--- Data extract Enclosed Below ---

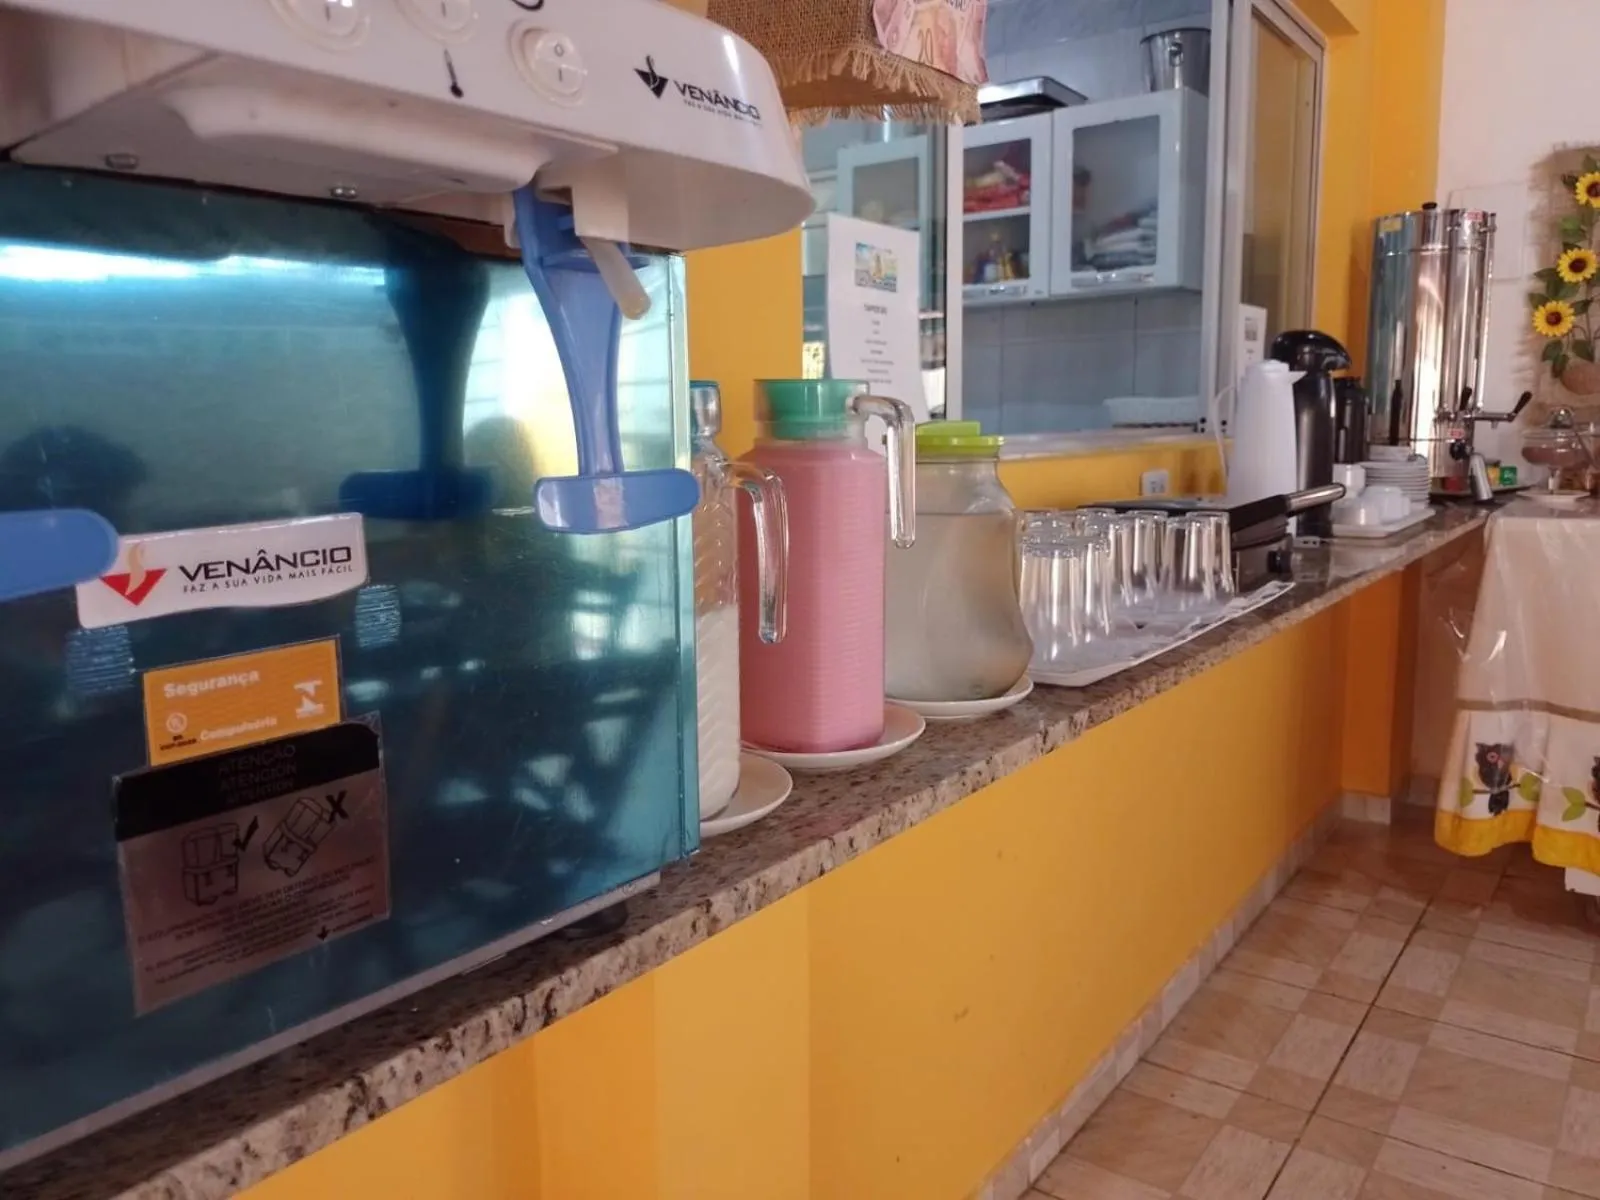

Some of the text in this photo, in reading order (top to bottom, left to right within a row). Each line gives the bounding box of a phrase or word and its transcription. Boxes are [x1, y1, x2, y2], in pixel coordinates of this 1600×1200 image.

[178, 546, 352, 582] VENÂNCIO
[183, 584, 206, 594] FAZ
[212, 582, 220, 590] A
[225, 579, 248, 588] SUA
[254, 574, 283, 585] VIDA
[289, 570, 317, 580] MAIS
[164, 670, 260, 699] Segurança
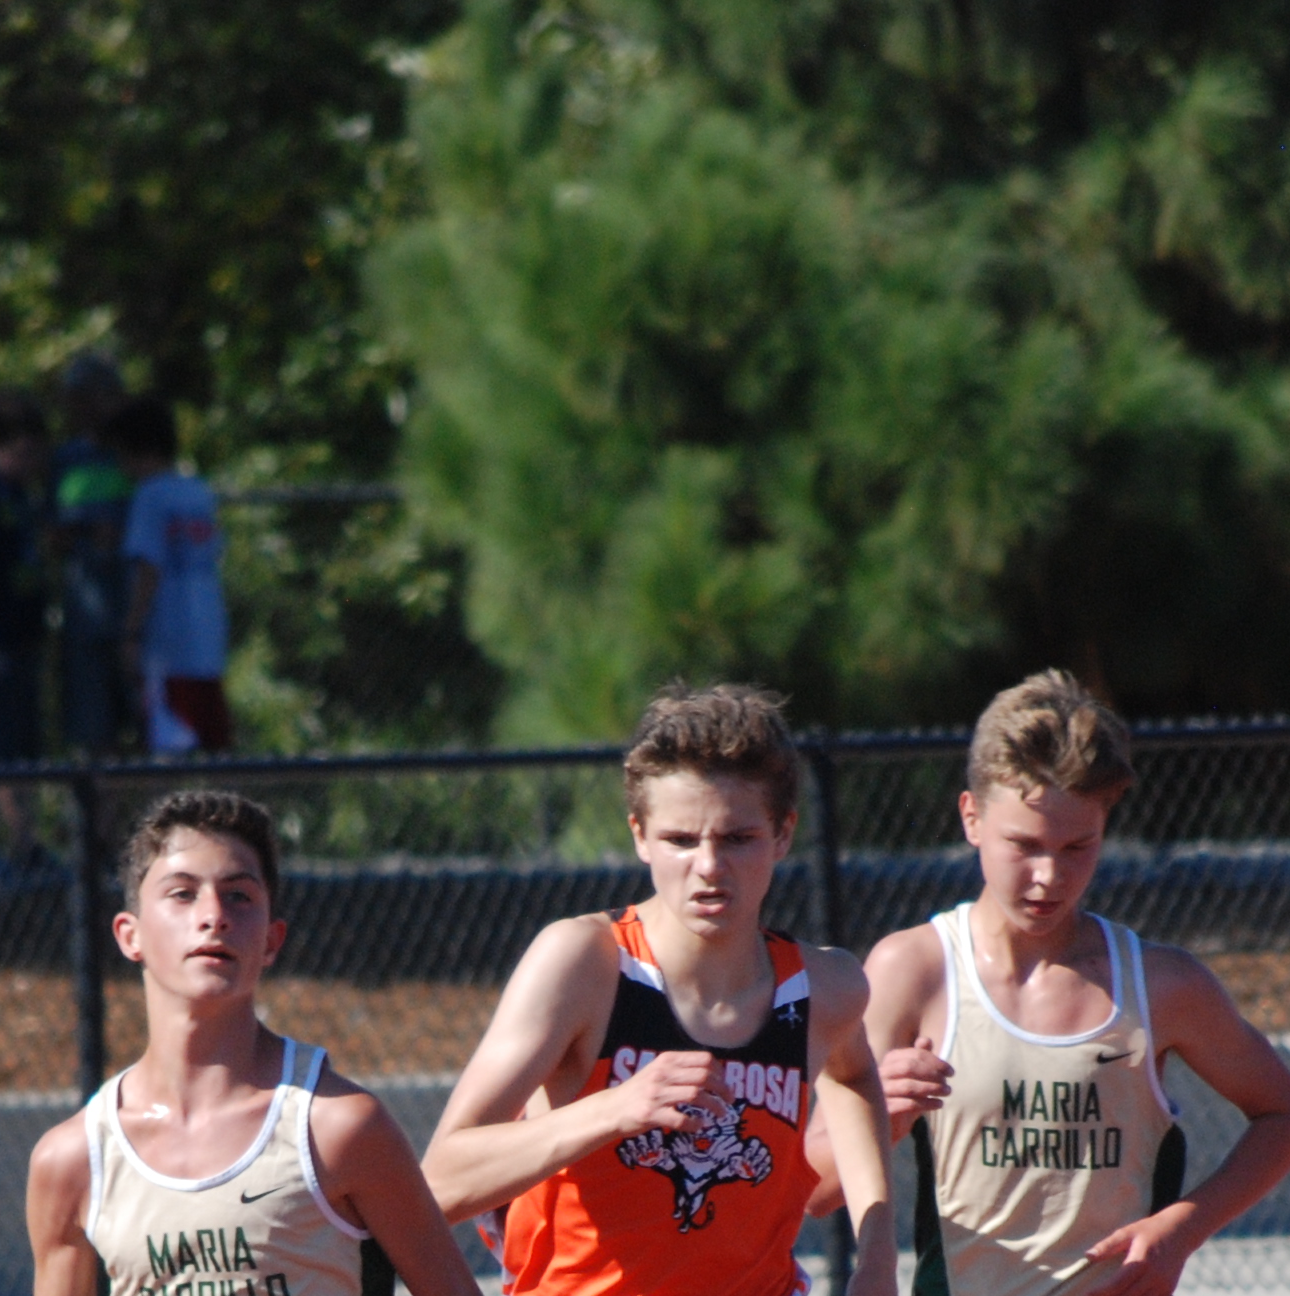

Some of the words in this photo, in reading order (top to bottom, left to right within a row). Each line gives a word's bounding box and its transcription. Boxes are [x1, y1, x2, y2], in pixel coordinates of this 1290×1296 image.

[723, 1059, 802, 1127] ROSA
[1002, 1078, 1102, 1123] MARIA
[981, 1125, 1123, 1170] CARRILLO
[145, 1226, 257, 1279] MARIA

--- End of Enclosed Data extract ---

__About this task__.
Drop the images and copy all the data exactly.

__Solution__.
Some of the text in this photo, in reading order (top to bottom, left to right within a row). Each line gives the bounding box of a phrase or word and its transcription. Boxes are [x1, y1, x2, y2], in pixel coordinates of this 1600×1200 image.

[178, 546, 352, 582] VENÂNCIO
[183, 584, 206, 594] FAZ
[212, 582, 220, 590] A
[225, 579, 248, 588] SUA
[254, 574, 283, 585] VIDA
[289, 570, 317, 580] MAIS
[164, 670, 260, 699] Segurança

Some of the words in this photo, in reading order (top to bottom, left to right within a row). Each line gives a word's bounding box and its transcription. Boxes are [x1, y1, x2, y2], in pixel coordinates of this 1290×1296 image.

[723, 1059, 802, 1127] ROSA
[1002, 1078, 1102, 1123] MARIA
[981, 1125, 1123, 1170] CARRILLO
[145, 1226, 257, 1279] MARIA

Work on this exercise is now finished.